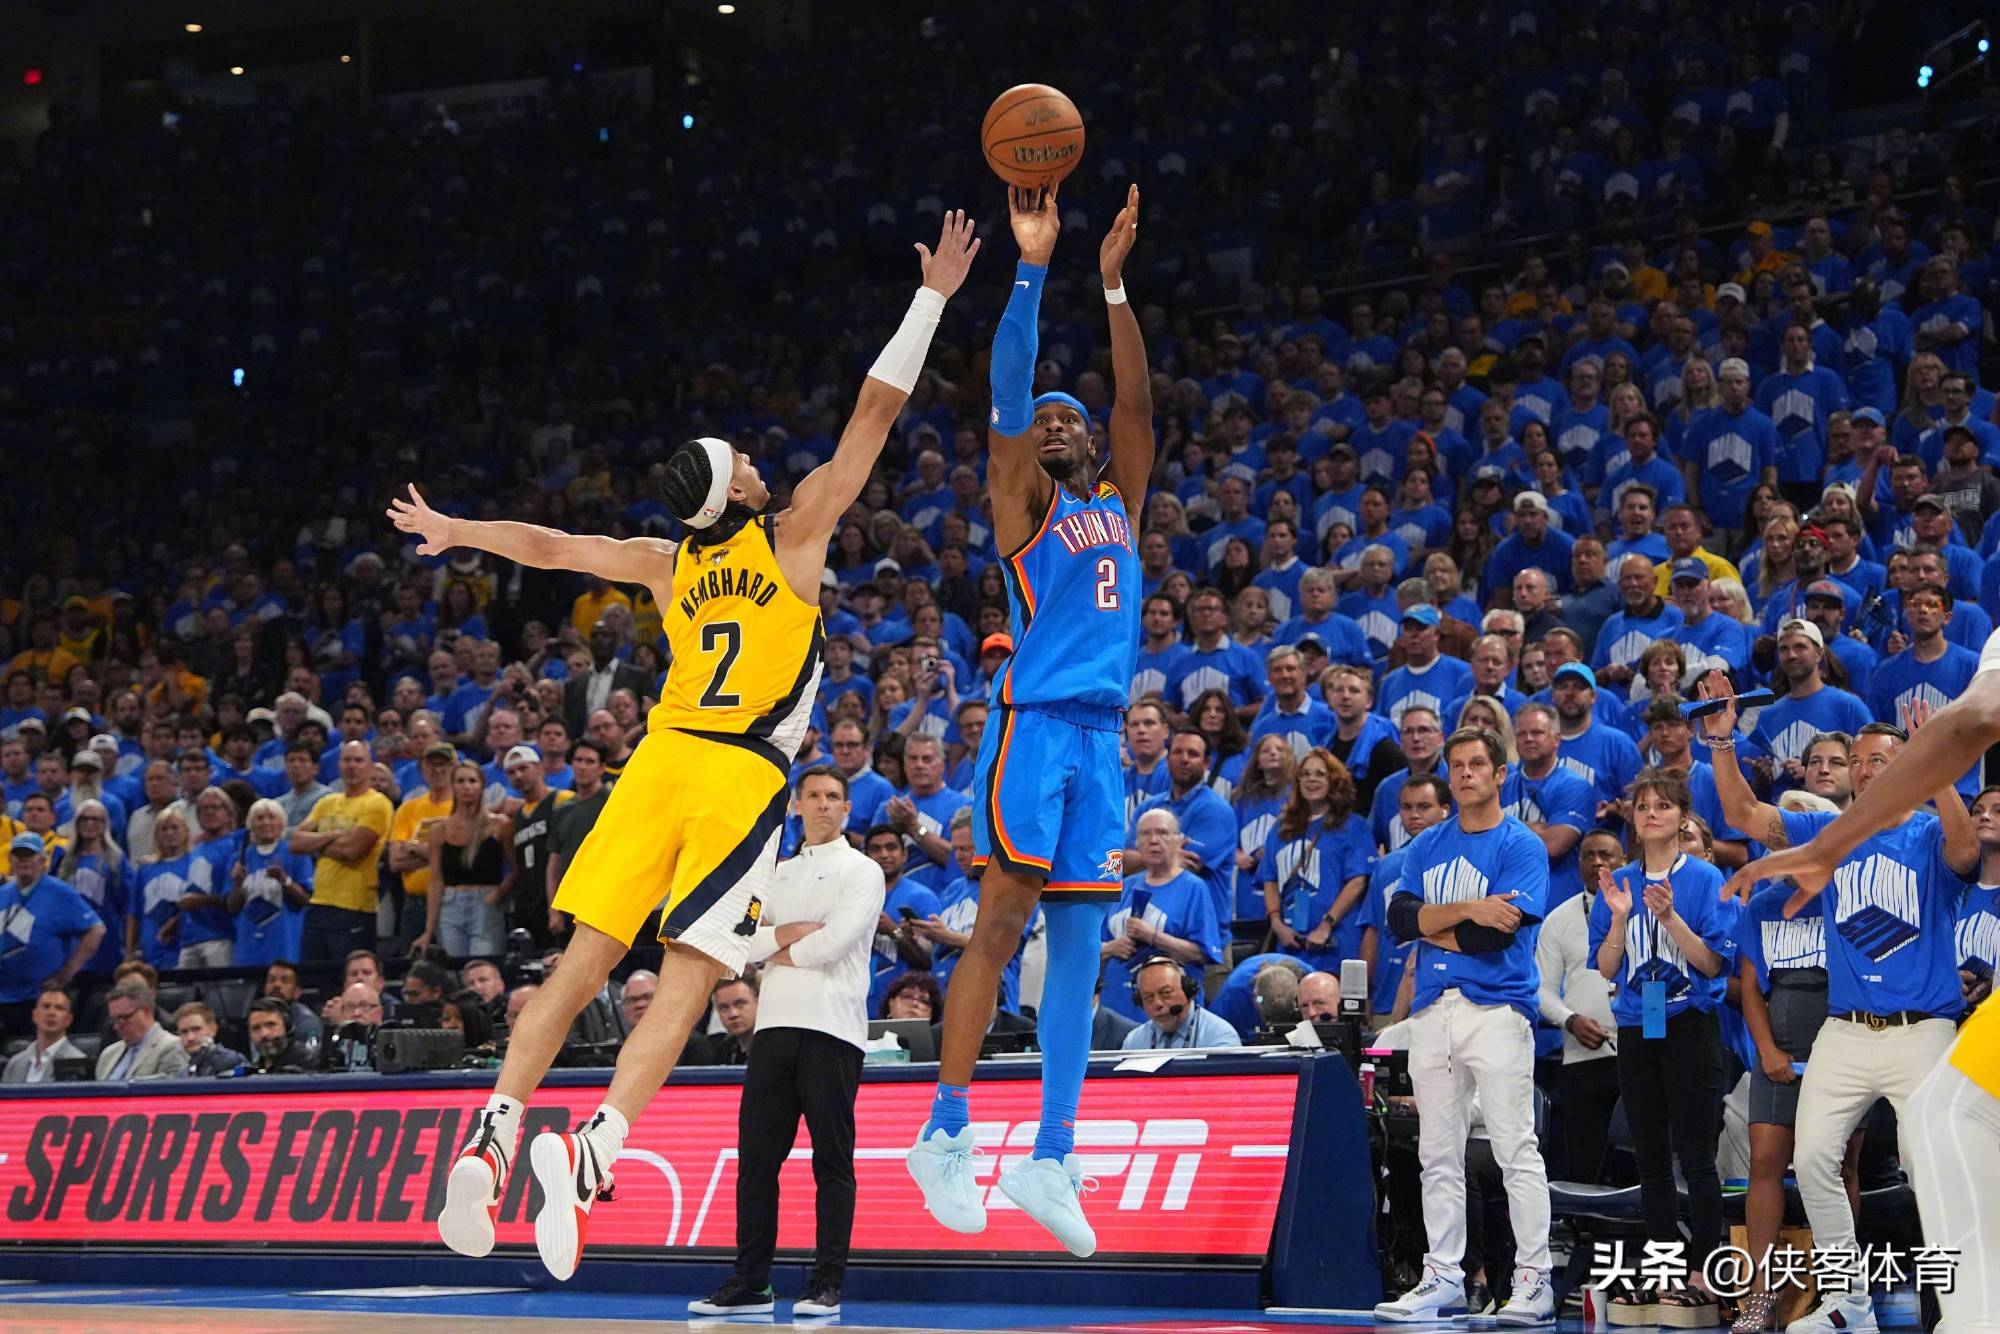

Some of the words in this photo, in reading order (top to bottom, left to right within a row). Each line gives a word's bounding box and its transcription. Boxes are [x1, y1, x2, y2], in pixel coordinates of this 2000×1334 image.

[680, 567, 778, 621] NEMBHARD
[1096, 557, 1120, 611] 2
[699, 621, 742, 709] 2
[7, 1112, 266, 1223] SPORTS
[254, 1106, 571, 1223] FOREVR
================================
TASK DETAILS: Everything in the material above should be reproduced exactly, except the pictures.

ANSWER BELOW:
Some of the words in this photo, in reading order (top to bottom, left to right within a row). Each line gives a word's bounding box and its transcription. Boxes are [x1, y1, x2, y2], in pixel coordinates of this 2000×1334 image.

[680, 567, 778, 621] NEMBHARD
[1096, 557, 1120, 611] 2
[699, 621, 742, 709] 2
[7, 1112, 266, 1223] SPORTS
[254, 1106, 571, 1223] FOREVR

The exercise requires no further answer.